While Emmett is verbal, he often speaks in scripted tones and quotes phrases from movies. He has a serious love for the alphabet and the book Chicka Chicka Boom Boom. It overwhelms me to write about him, because like any child he is complex.
Days like Thanksgiving take me back. Those days take me back to an uncomfortable place. A place where meltdowns were the norm and recovering from them took many more agonizing minutes. It's in statements like the former that I have to stop and have a realization.
Progress has been made.
There is this thing about me that drives me crazy. I've known it about myself for some time and it's never served me well. I am an all or nothing person. The thing is that in the world of autism progress comes incrementally and often I don't even stop to recognize improvements as they are taking place.
There is an account of Christ in the book of John that I heard before Emmett was born. It takes place in chapter 9.
As He went along, He saw a man blind from birth. His disciples asked Him, "Rabbi, who sinned, this man or his parents, that he was born blind?"
I love Jesus' response in verses three and four..."Neither this man nor his parents sinned," said Jesus, "but this happened so that the work of God might be displayed in his life."
I can recall the first time that I ever heard the concern of autism with Emmett. I was in a restaurant. I didn't fall apart there, but you can bet that the car ride home was tearful. In my mommy mind I had failed my blonde haired, blue eyed boy. I was eight months pregnant with our third blessing and here I was unfit to be the mother to my first two children.
As Emmett's mom, I needed this uninvited visitor of autism to be my fault. It was an unknown, scary invader. I needed someone or something to blame. I felt that the responsibility needed to rest squarely on my already weighed down shoulders. Oh how I wish John 9:1-4 had been my first thought.
The Lord in His goodness has shown me a different view of autism.

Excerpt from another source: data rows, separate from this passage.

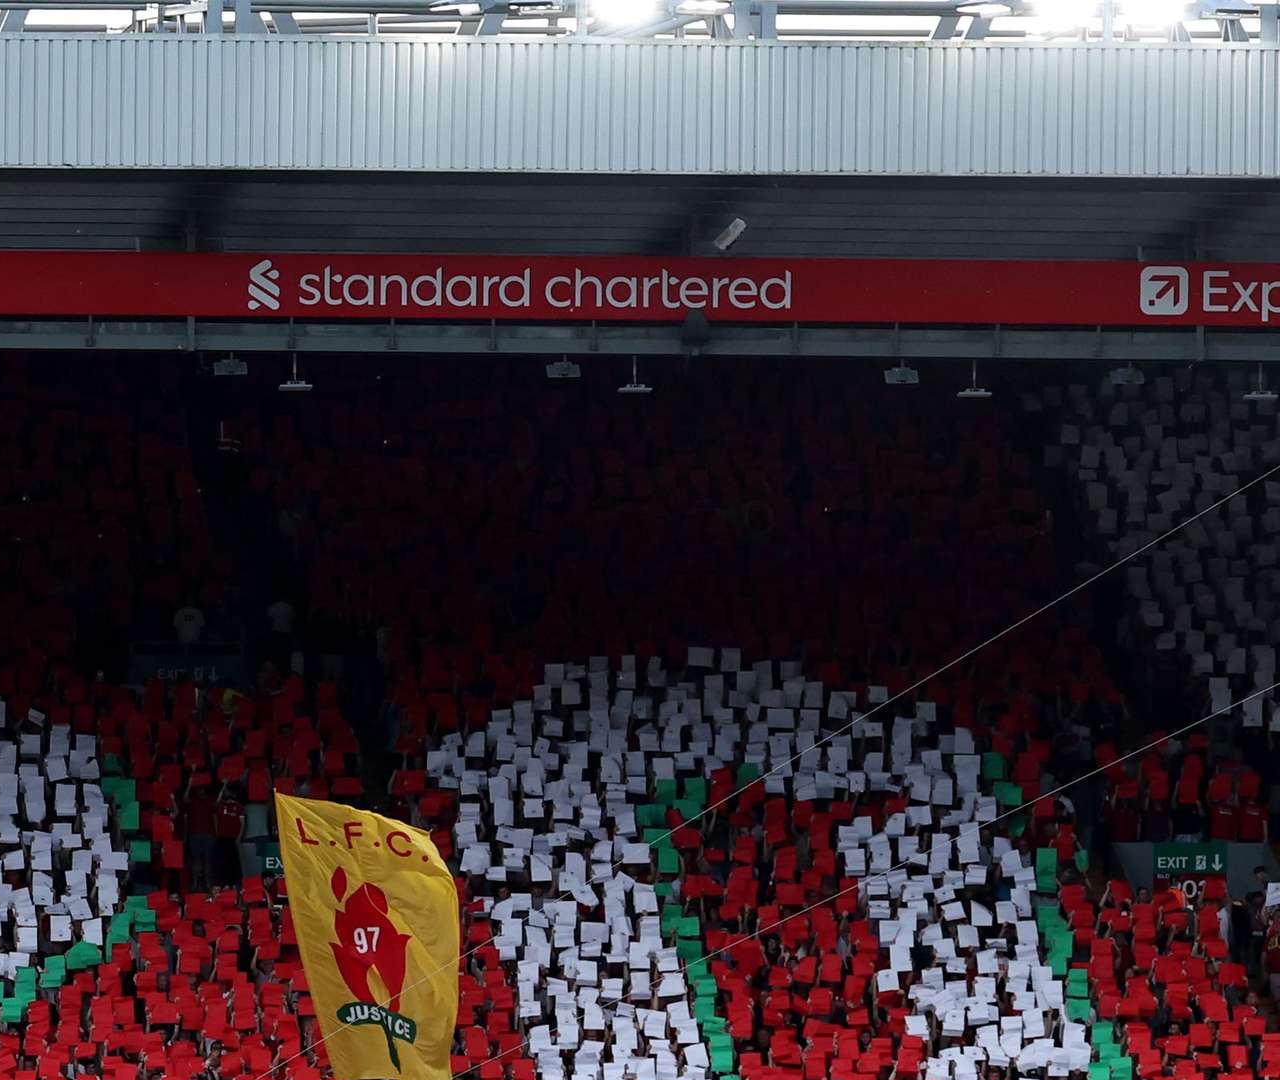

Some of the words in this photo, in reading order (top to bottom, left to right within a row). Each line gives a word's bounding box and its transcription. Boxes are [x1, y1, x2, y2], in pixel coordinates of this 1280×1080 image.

[297, 266, 531, 309] standard
[545, 268, 793, 311] chartered
[1204, 270, 1280, 317] Exp
[265, 857, 285, 869] EX
[1157, 856, 1189, 869] EXIT
[353, 927, 381, 954] 97
[345, 1006, 412, 1038] JUSTICE

You see all the times that Emmett makes noises or has a meltdown and is just different, well, those moments point me back to Christ. I have no one else nor anywhere else to look except to my Savior. Autism shows me my need for my Lord time and time again.

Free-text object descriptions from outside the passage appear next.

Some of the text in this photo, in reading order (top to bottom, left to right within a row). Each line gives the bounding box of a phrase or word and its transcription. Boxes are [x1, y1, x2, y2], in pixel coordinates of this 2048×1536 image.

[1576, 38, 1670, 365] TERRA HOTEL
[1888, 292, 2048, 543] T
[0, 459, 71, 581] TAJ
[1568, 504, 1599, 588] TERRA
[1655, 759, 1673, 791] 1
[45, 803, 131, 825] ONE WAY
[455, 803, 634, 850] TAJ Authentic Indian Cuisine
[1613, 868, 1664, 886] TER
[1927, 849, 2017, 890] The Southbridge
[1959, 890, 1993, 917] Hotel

God has a purpose in Emmett. He is not less than. He is exactly as he is meant to be.
I do not always understand the struggle. I definitely do not always appreciate the struggle.

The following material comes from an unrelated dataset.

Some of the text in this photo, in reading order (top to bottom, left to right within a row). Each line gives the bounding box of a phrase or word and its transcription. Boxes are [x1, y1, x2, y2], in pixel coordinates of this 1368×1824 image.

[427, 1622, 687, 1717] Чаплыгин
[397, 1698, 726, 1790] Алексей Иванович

In the midst of pain and hardship, I'm tempted to just throw up my hands in surrender to the struggle itself. God likes when I throw up my hands, but He knows that my need is to be in full surrender to Him. I do not have to understand what we have been or are walking through. I do have to trust Him and His good purpose in it all.
I rarely get this right.
My thankfulness comes in the knowing that He has been and continues to be patient with me.
I often pray with Mark 9:24 in mind. A father brings his son to Jesus to be healed and says..."But if you can do anything, take pity on us and help us."
"'If you can'?" said Jesus. " Everything is possible for him who believes."
Verse 24...Immediately the boy's father exclaimed, "I do believe; help me overcome my unbelief!"
I see myself in that boy's father. I see myself in his raw, honest statement that expresses belief and the lack thereof all the while pleading with Jesus to remedy the latter.
I want to get this right. I truly do.
There is a richness in struggle. I hate it and love it all at the same time. It causes a turmoil. It churns and changes. It brings tears that accompany joy and tears that accompany sorrow. And...it brings progress. Progress that cannot always be measured or felt, but that is present nonetheless.